El verano, pese a la desescalada y las ganas acumuladas de salir, no ha logrado arrancar con la despreocupación y la sensación de expansión temporal con la que lo hacían los anteriores. No es sólo por culpa de los rebrotes, supongo, sino por el trauma del confinamiento que todavía arrastramos muchos. Los bares y las terrazas, a medio gas, dan un aire de tristeza tímida al pueblo, aunque los camareros aún reconocen esperanzas con lo que agosto pueda traer –turistas, se entiende–. Los empresarios son más pesimistas.

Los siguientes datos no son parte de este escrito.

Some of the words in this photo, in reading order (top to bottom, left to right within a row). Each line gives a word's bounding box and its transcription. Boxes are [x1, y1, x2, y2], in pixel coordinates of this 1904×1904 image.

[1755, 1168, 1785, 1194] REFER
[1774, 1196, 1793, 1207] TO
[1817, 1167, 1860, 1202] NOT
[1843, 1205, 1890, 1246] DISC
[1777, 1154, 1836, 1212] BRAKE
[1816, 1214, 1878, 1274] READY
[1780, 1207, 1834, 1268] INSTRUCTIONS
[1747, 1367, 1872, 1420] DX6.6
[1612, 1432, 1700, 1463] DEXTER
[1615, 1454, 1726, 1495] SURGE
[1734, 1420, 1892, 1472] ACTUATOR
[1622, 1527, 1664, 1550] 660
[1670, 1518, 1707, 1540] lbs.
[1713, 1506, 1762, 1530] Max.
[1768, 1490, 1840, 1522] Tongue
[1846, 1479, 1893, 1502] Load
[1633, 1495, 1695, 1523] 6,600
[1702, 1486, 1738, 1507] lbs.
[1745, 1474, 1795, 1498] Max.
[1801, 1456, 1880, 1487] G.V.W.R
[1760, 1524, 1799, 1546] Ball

Hay ocasionales recuerdos del pasado inmediato, como cuando el domingo, en la rocosa playa lejana a la que suelo ir, no había lugar: todas las hamacas en la arena y las mesas en el porche estaban reservadas desde hacía días. Pero son la excepción, aunque a veces sea grato no tener que reservar mesa frente al mar ni rogar al camarero que te sirva la cerveza que le has pedido dos o tres veces a distancia, con gestos torpes para hacerte notar sobre la multitud y el ruido. Este verano es distinto, más que nuevo. La imagen paradójica de varias mujeres haciendo topless con mascarilla me lo recuerdan frente a la mesa donde los salmonetes saben a gloria, pero a una gloria morigerada por toda la logística antiséptica que requiere hoy ir a cualquier lugar público.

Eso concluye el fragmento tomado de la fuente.